• [EXERCISE]:
Once the pictures are removed, return each record below exactly as written.

▬▬▬▬▬▬▬▬▬▬

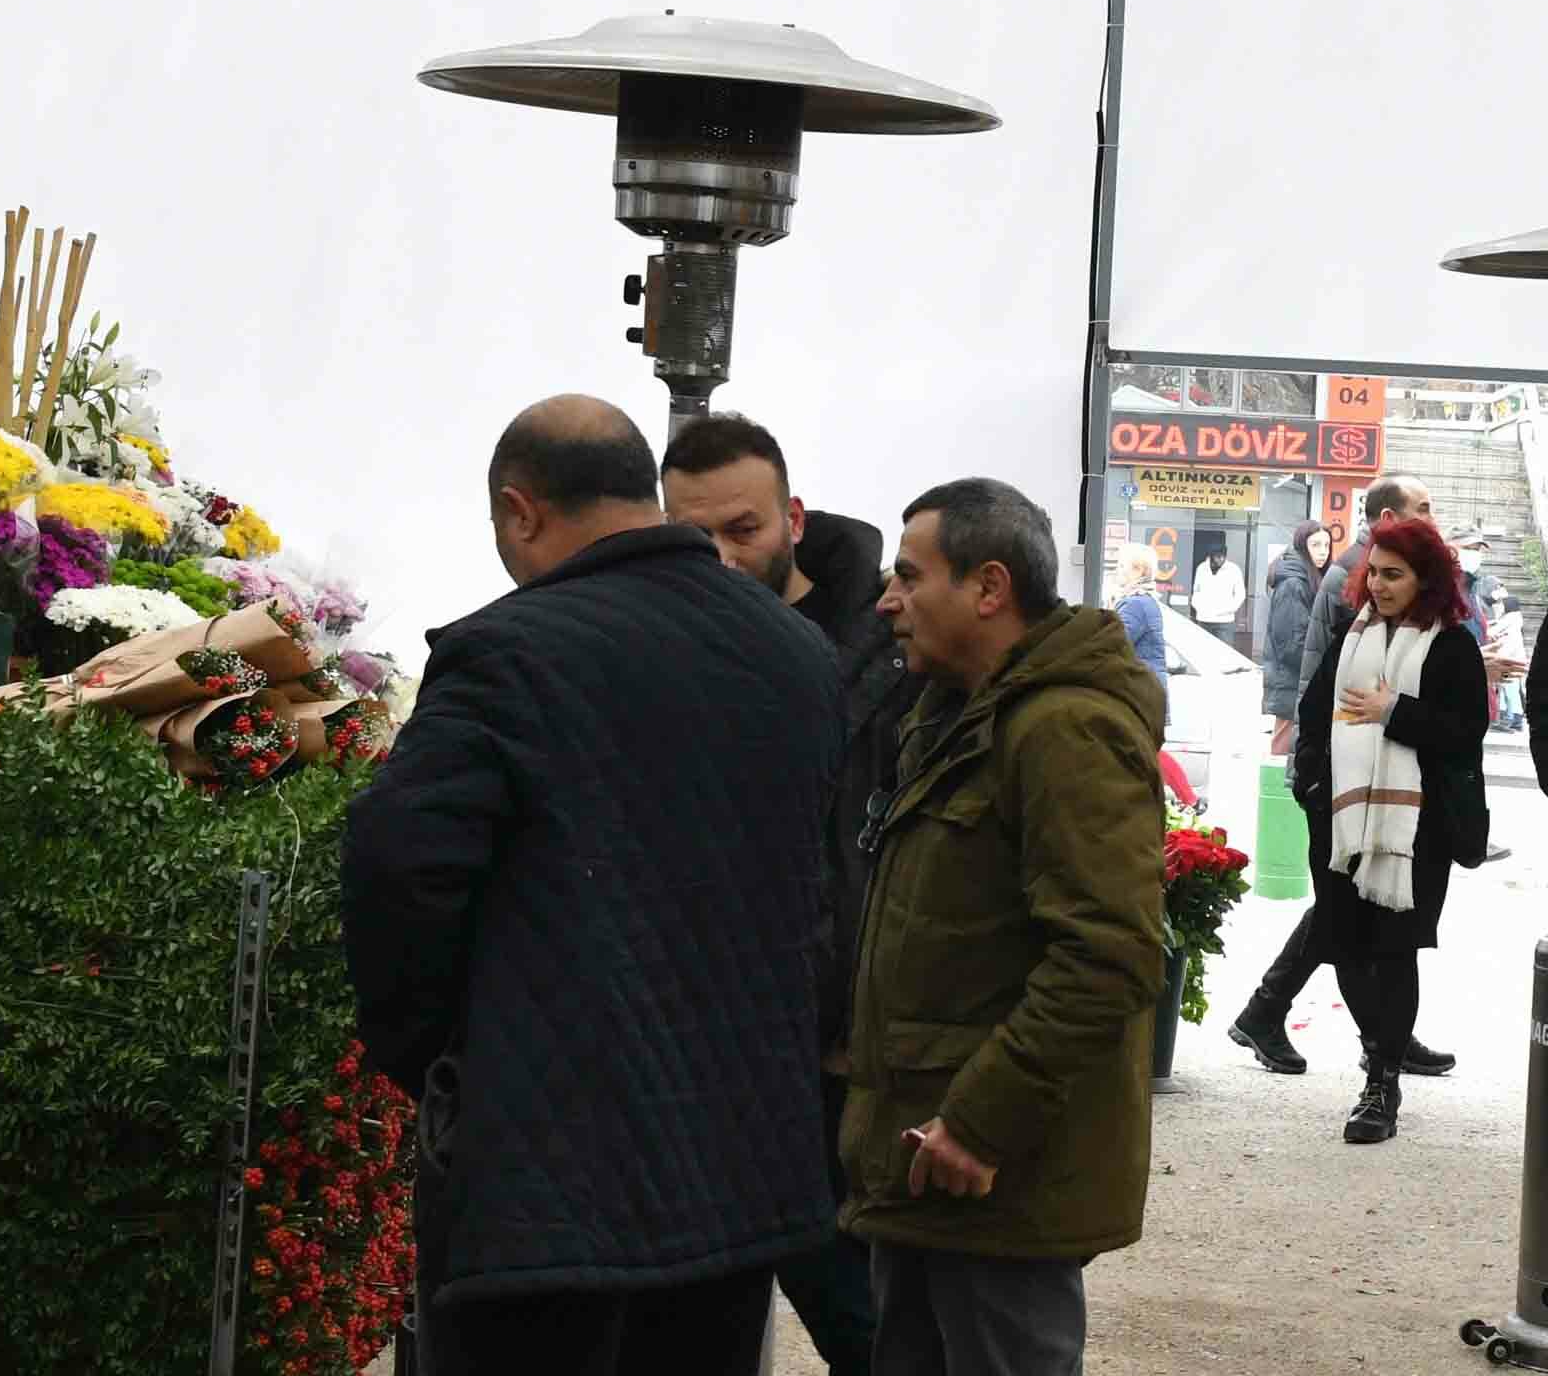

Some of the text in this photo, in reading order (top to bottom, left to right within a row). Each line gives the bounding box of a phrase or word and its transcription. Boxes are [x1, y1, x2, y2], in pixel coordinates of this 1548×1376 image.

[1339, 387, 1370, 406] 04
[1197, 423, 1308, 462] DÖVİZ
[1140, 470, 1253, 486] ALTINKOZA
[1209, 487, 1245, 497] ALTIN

▬▬▬▬▬▬▬▬▬▬

• [SOLVED EXERCISE]:
Some of the text in this photo, in reading order (top to bottom, left to right within a row). Each line gives the bounding box of a phrase or word and its transcription. Boxes are [x1, y1, x2, y2], in pixel coordinates of this 1548×1376 image.

[1339, 387, 1370, 406] 04
[1197, 423, 1308, 462] DÖVİZ
[1140, 470, 1253, 486] ALTINKOZA
[1209, 487, 1245, 497] ALTIN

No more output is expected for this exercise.